Abraham Darby (synonyms 'AUScot', Candy Rain, Country Darby tree) is a popular apricot Shrub rose cultivar which was introduced by David Austin in England in 1985. The English rose was bred by crossing the climber 'Aloha' with the floribunda 'Yellow Cushion' and is named after the industrialist Abraham Darby, the constructor of the first iron bridge, which is situated less than 15 km from David Austin's nurseries. The naming happened in collaboration with the Ironbridge Gorge Museum Trust.

'Abraham Darby' is an old-fashioned looking rose with many large, showy flowers with a classic quartered shape in an apricot-pink colour which varies with climate and age. It ranges from soft apricot pink on the inside, pale yellow on the outside in warmer areas to a rich peachy pink with lighter edges in cooler climates. Additionally the colour pales as the flower matures.

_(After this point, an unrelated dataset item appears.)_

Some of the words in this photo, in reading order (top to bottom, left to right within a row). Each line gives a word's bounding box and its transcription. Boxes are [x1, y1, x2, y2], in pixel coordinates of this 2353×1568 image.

The cupped flowers have an average diameter of 11 cm and up to 70 petals. They usually have strong, fruity fragrance, grow in small clusters and appear abundantly throughout the season. As the rather heavy flowers tend to bow their heads, Abraham Darby is suited to be trained as a climber.

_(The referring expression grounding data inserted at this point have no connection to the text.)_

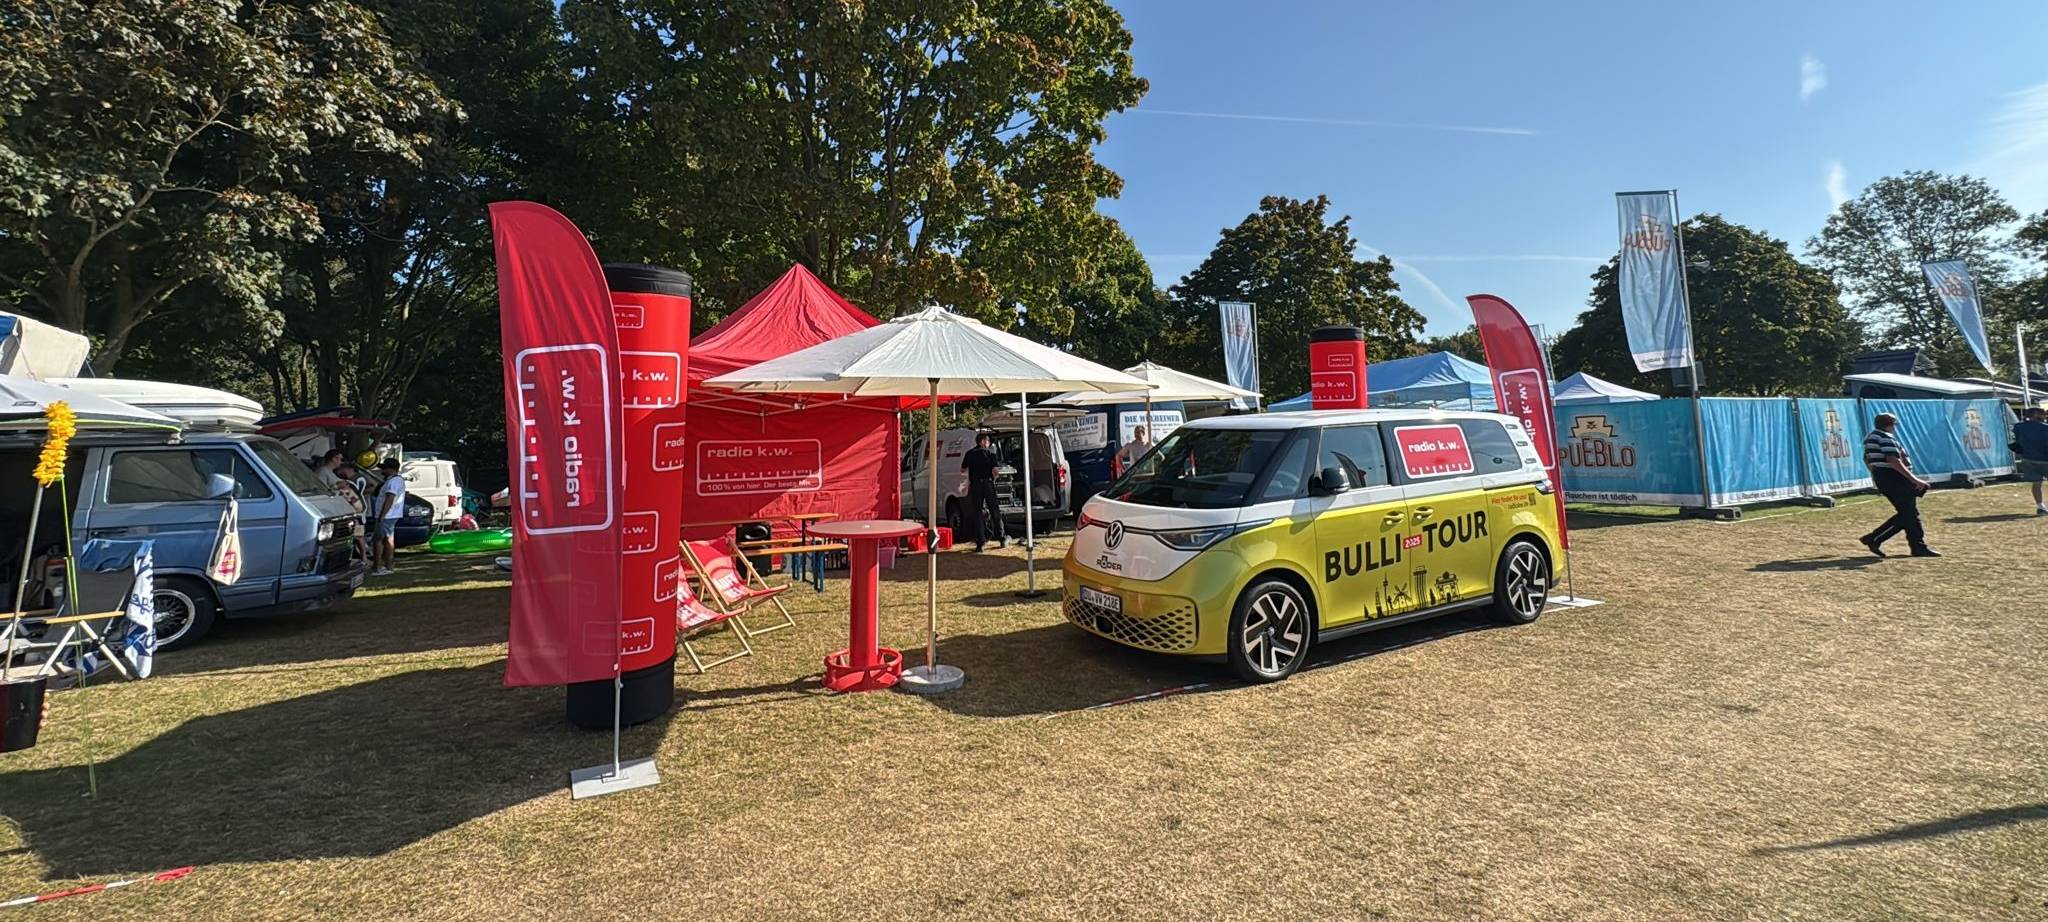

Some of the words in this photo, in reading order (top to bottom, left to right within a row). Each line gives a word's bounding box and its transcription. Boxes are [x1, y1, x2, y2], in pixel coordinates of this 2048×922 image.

[632, 369, 669, 381] k.w.
[707, 446, 753, 458] radio
[757, 446, 793, 457] k.w.
[1408, 440, 1436, 453] radio
[1437, 440, 1460, 451] k.w.
[1559, 438, 1635, 468] PUEBLO
[764, 481, 777, 489] Der
[1565, 491, 1597, 500] Rauchen
[1325, 533, 1401, 583] BULLI
[1405, 537, 1420, 548] 2025
[1422, 510, 1488, 552] TOUR
[622, 630, 646, 638] k.w.

The cultivar is winter hardy down to −20 °C (USDA zone 6 – 10b) and generally disease resistant, but can be susceptible to rust. The vigorous plant grows very bushy growing approximately 150 to 300 cm high and 90 to 150 cm wide. It is almost thornless and has glossy, leathery foliage of a medium to dark green colour. Due to its long arching shoots, it can be grown as a freestanding shrub or trained as a climber, if given some support. The cultivar can be used in flower beds, rose borders, landscaping or as container rose in sunny or partially shaded locations, and is well suited as cut flower.

'Abraham Darby' is used as a parent rose and was used to hybridise the cultivars 'Crown Princess Margareta' (1991), 'Golden Celebration' (1992), 'Jude the Obscure' (1995), 'Pat Austin' (1995) and 'Marianne' (2001).